● PROBLEM STATEMENT
Don't include any picture when you restate the data word for word.

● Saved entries

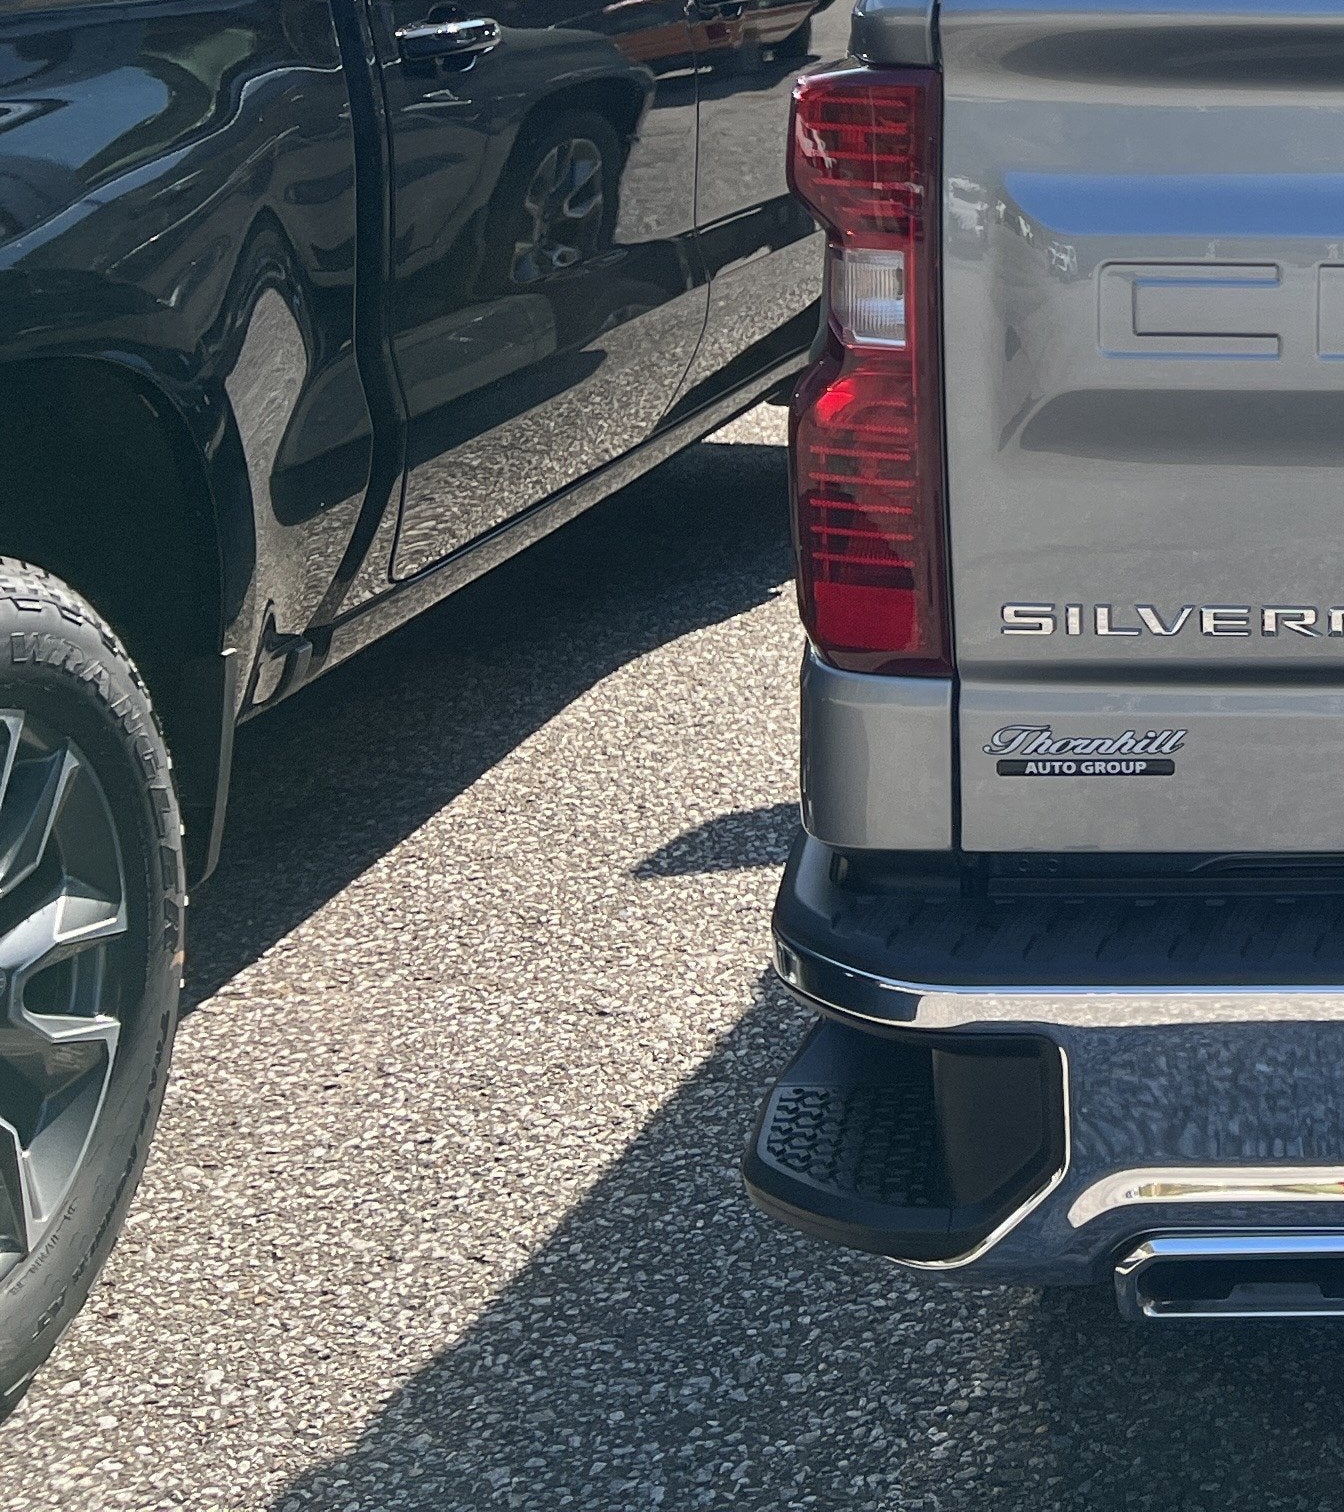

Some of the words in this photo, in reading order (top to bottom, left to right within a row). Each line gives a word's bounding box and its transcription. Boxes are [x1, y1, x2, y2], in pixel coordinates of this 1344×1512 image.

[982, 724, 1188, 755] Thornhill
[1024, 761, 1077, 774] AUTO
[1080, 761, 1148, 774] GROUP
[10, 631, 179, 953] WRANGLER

● ANSWER TO THIS PROBLEM
Some of the words in this photo, in reading order (top to bottom, left to right within a row). Each line gives a word's bounding box and its transcription. Boxes are [x1, y1, x2, y2], in pixel coordinates of this 1344×1512 image.

[982, 724, 1188, 755] Thornhill
[1024, 761, 1077, 774] AUTO
[1080, 761, 1148, 774] GROUP
[10, 631, 179, 953] WRANGLER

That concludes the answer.